In this report, Anthropic also introduced a new analysis dimension: artifact.

The thing you took away after talking to Claude, a document, a piece of code, an explanation, an email, all count.

93% of conversations produce artifacts. Only 7% are pure chats, leaving nothing behind.

Among them, the top three are: explanations (17%), documents and reports (15%), and guidance and suggestions (11%).

Overall, conversational output and written deliverables account for about one-third each, and coding and technical work account for one-sixth.


After classifying, Anthropic asked another question: Are these outputs at work or in life?

The answer varies by category.

81% of blogs and articles are for work.

Creative writing is just the opposite, with more than 80% being for personal use, with the main focus being fan fiction, worldview construction, and poetry; the remaining 13% of work scenarios are short video scripts and speech scripts.

Translation is the most "neutral", with 42% being work and 44% being personal. Planning is similar, with 44% working (entrepreneurial strategy, content strategy) and 49% personal (travel itinerary, fitness plan).

During the day, it’s the productivity engine. At night, I am a life assistant.


The higher the wage, the harder the AI ​​will work

What is more interesting is the relationship between token consumption and wages.

Anthropic matches each conversation to the most corresponding occupation, and then compares the median salary of that occupation.

As a result, a rule emerged: conversations in high-paying professions consume more tokens.

The amount of conversation tokens corresponding to a marketing manager (with an hourly salary of $80) is approximately 2.5 times that of an editor (with an hourly salary of $37).

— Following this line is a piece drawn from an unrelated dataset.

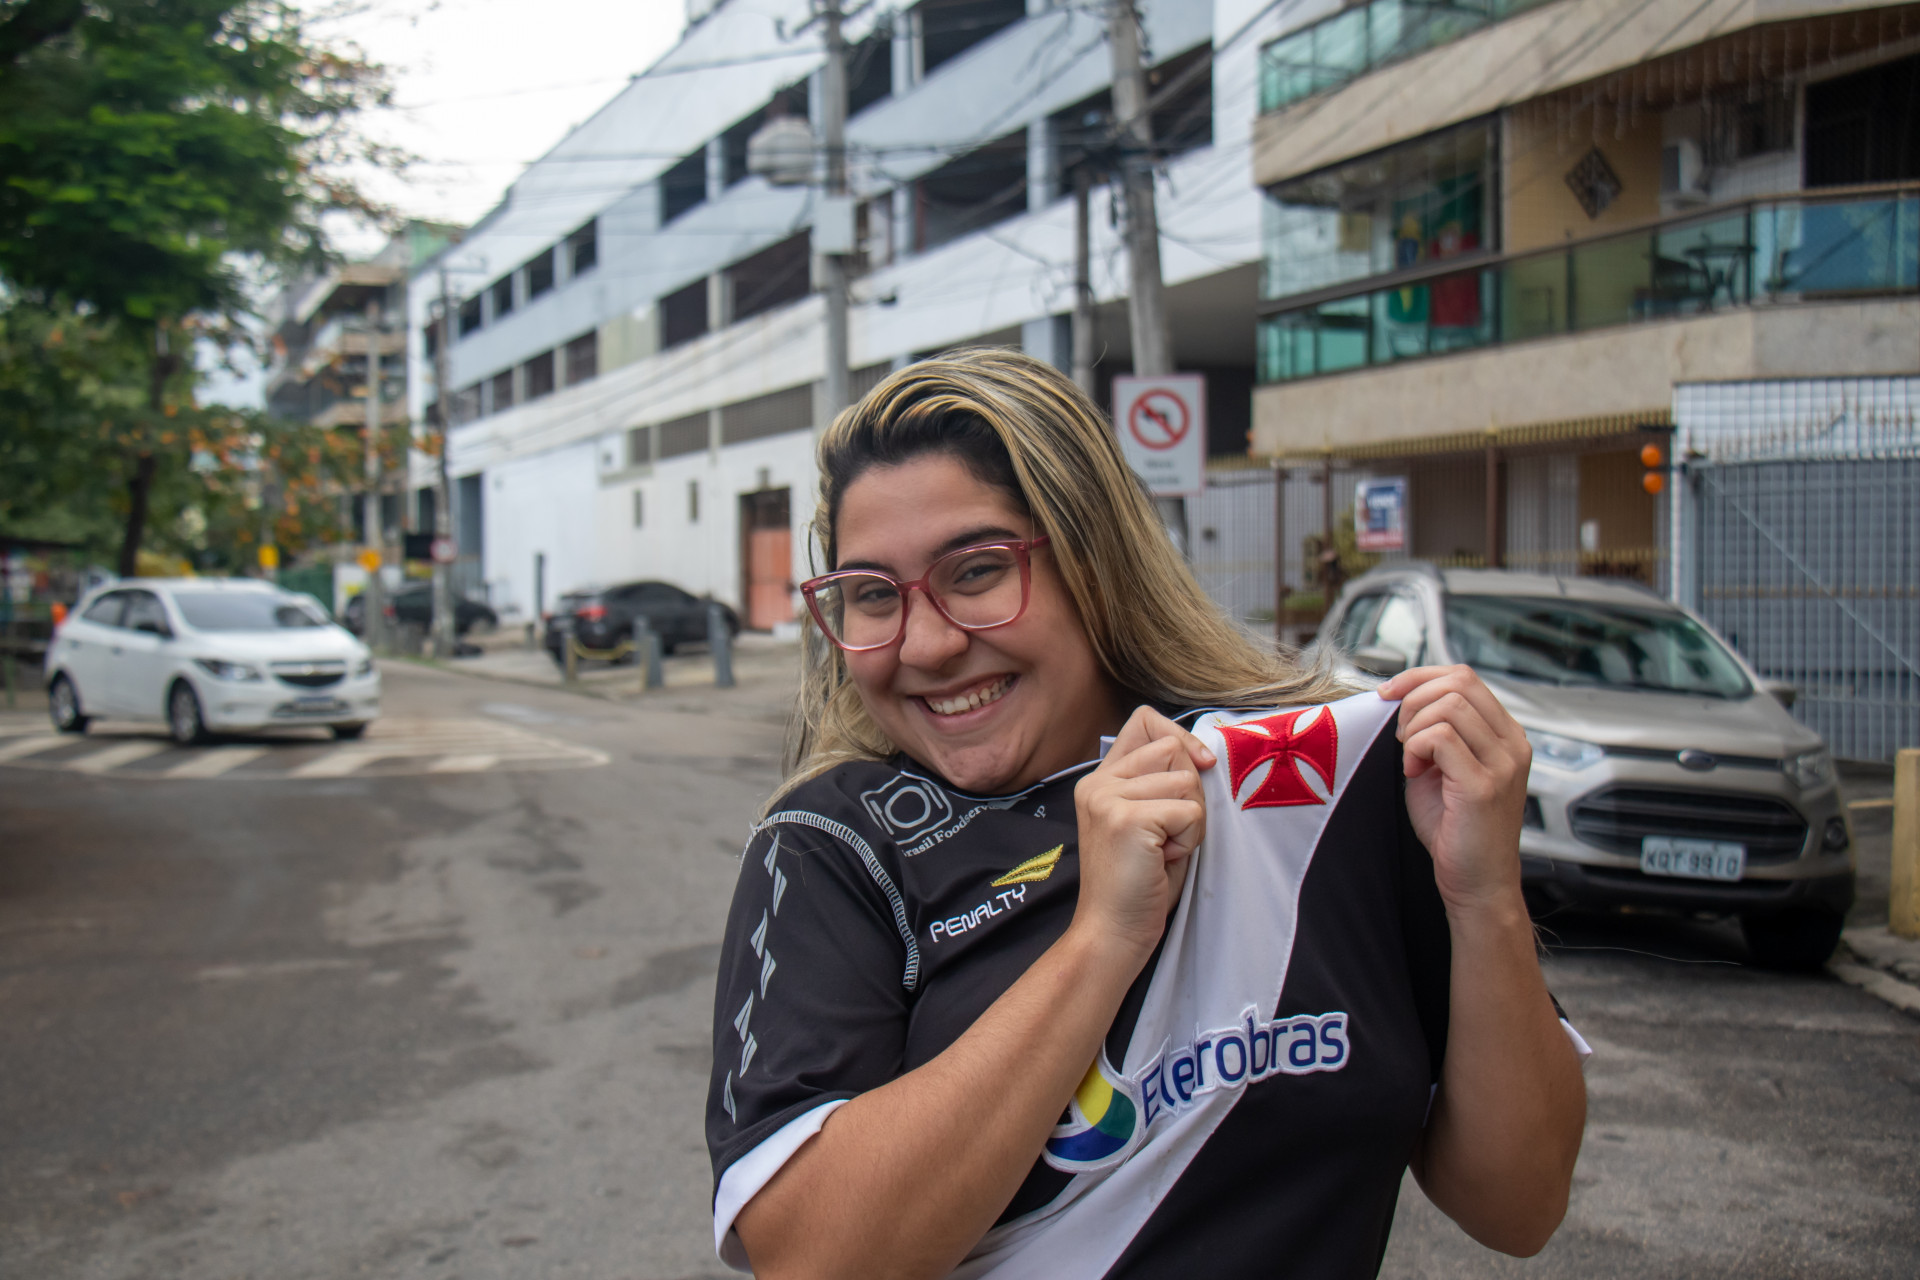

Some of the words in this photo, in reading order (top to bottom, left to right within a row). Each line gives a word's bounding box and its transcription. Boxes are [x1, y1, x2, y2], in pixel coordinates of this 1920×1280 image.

For conversations about building a website, the amount of tokens exceeds 3 times the median. One paragraph of explanation uses only one-fifth of the median.

Moreover, high-paying users are not simply “thrown to AI”.

They output more per round (1.34 times), interact more frequently (1.53 times), and engage in deep thinking more frequently (34% vs. 31%).

Claude worked hard and was not idle.



Of course, Claude not only did more, he also did "higher".

The reading level of its answers is generally higher than that of users' questions, and the average education level is about 1 year higher.

The biggest gaps are in images and graphics (+2.6 years), games (+1.9 years), and websites/applications (+1.7 years).

But when it comes to writing for an audience, the gap almost disappears - blogging -0.1 years, academic papers +0.0 years, and emails +0.3 years.

The reason is that the prompt of this type of task itself carries the same level of text material as the final output. You ask it to write the email for you, and you write a draft yourself first, so your reading level is of course about the same.


A diary you didn’t intend to write

The so-called "rhythm" means that you just open the dialog box every day, ask a few questions, and take what you need.

But when those conversations are cut down to the hour, output is divided into more than 30 categories, and each interaction is matched to an occupation and salary range, the fragments fit together into an outline.

Insomnia at 5 a.m., anxiety about dinner at 6 p.m., the idea of ​​​​starting a business that suddenly appeared on the weekend, and the low mood that came late at night.

Taken individually, these are just a few hundred irrelevant questions. But put together, it is a person's daily routine, emotional cycle and days.

You may not have fully told these things to the people around you. But you're all handed a dialog box.

93% of conversations result in something. On the other hand, 93% of the conversations also leave you alone.

Anthropic said this report is to see clearly how AI can enter economic life. But once the data is accurate down to the hour, it will reveal more than just the economy.

During the day, Claude is your partner. At 5 a.m., only it knows that you are still awake.